**GIVEN RECORDS**.
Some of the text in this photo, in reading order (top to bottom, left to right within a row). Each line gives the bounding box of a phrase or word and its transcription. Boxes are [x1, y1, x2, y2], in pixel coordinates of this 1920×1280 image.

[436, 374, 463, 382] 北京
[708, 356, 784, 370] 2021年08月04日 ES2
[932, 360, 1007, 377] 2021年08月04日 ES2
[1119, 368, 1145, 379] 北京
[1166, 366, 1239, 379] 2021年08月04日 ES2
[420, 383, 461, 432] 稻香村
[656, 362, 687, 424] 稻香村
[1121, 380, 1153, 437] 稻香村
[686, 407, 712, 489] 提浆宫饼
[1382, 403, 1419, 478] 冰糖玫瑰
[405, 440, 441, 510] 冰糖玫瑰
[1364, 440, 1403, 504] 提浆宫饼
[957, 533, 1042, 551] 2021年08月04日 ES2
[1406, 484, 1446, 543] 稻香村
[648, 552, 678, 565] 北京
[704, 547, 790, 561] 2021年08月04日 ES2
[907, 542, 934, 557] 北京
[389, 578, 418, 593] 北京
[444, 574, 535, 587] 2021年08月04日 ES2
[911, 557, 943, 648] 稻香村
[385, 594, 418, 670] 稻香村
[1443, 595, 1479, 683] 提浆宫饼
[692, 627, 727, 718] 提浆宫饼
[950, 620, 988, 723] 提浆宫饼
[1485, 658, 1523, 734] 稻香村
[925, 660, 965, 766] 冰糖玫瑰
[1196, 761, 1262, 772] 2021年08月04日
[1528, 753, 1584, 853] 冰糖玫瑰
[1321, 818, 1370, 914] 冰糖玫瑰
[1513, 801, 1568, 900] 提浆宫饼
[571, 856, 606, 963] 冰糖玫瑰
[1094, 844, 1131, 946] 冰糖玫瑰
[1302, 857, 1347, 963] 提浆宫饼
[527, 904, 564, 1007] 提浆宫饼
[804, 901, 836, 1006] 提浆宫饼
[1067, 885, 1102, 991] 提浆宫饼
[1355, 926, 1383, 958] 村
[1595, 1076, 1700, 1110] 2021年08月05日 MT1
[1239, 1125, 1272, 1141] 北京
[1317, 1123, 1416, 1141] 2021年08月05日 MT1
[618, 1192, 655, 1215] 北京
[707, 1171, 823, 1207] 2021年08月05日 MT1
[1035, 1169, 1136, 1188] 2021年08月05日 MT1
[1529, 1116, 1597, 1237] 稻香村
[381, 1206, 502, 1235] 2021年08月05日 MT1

**TASK TO CARRY OUT**. Repeat the data in full, keeping each word exactly as it is.

**SOLUTION FOR THIS EXERCISE**.
Some of the text in this photo, in reading order (top to bottom, left to right within a row). Each line gives the bounding box of a phrase or word and its transcription. Boxes are [x1, y1, x2, y2], in pixel coordinates of this 1920×1280 image.

[436, 374, 463, 382] 北京
[708, 356, 784, 370] 2021年08月04日 ES2
[932, 360, 1007, 377] 2021年08月04日 ES2
[1119, 368, 1145, 379] 北京
[1166, 366, 1239, 379] 2021年08月04日 ES2
[420, 383, 461, 432] 稻香村
[656, 362, 687, 424] 稻香村
[1121, 380, 1153, 437] 稻香村
[686, 407, 712, 489] 提浆宫饼
[1382, 403, 1419, 478] 冰糖玫瑰
[405, 440, 441, 510] 冰糖玫瑰
[1364, 440, 1403, 504] 提浆宫饼
[957, 533, 1042, 551] 2021年08月04日 ES2
[1406, 484, 1446, 543] 稻香村
[648, 552, 678, 565] 北京
[704, 547, 790, 561] 2021年08月04日 ES2
[907, 542, 934, 557] 北京
[389, 578, 418, 593] 北京
[444, 574, 535, 587] 2021年08月04日 ES2
[911, 557, 943, 648] 稻香村
[385, 594, 418, 670] 稻香村
[1443, 595, 1479, 683] 提浆宫饼
[692, 627, 727, 718] 提浆宫饼
[950, 620, 988, 723] 提浆宫饼
[1485, 658, 1523, 734] 稻香村
[925, 660, 965, 766] 冰糖玫瑰
[1196, 761, 1262, 772] 2021年08月04日
[1528, 753, 1584, 853] 冰糖玫瑰
[1321, 818, 1370, 914] 冰糖玫瑰
[1513, 801, 1568, 900] 提浆宫饼
[571, 856, 606, 963] 冰糖玫瑰
[1094, 844, 1131, 946] 冰糖玫瑰
[1302, 857, 1347, 963] 提浆宫饼
[527, 904, 564, 1007] 提浆宫饼
[804, 901, 836, 1006] 提浆宫饼
[1067, 885, 1102, 991] 提浆宫饼
[1355, 926, 1383, 958] 村
[1595, 1076, 1700, 1110] 2021年08月05日 MT1
[1239, 1125, 1272, 1141] 北京
[1317, 1123, 1416, 1141] 2021年08月05日 MT1
[618, 1192, 655, 1215] 北京
[707, 1171, 823, 1207] 2021年08月05日 MT1
[1035, 1169, 1136, 1188] 2021年08月05日 MT1
[1529, 1116, 1597, 1237] 稻香村
[381, 1206, 502, 1235] 2021年08月05日 MT1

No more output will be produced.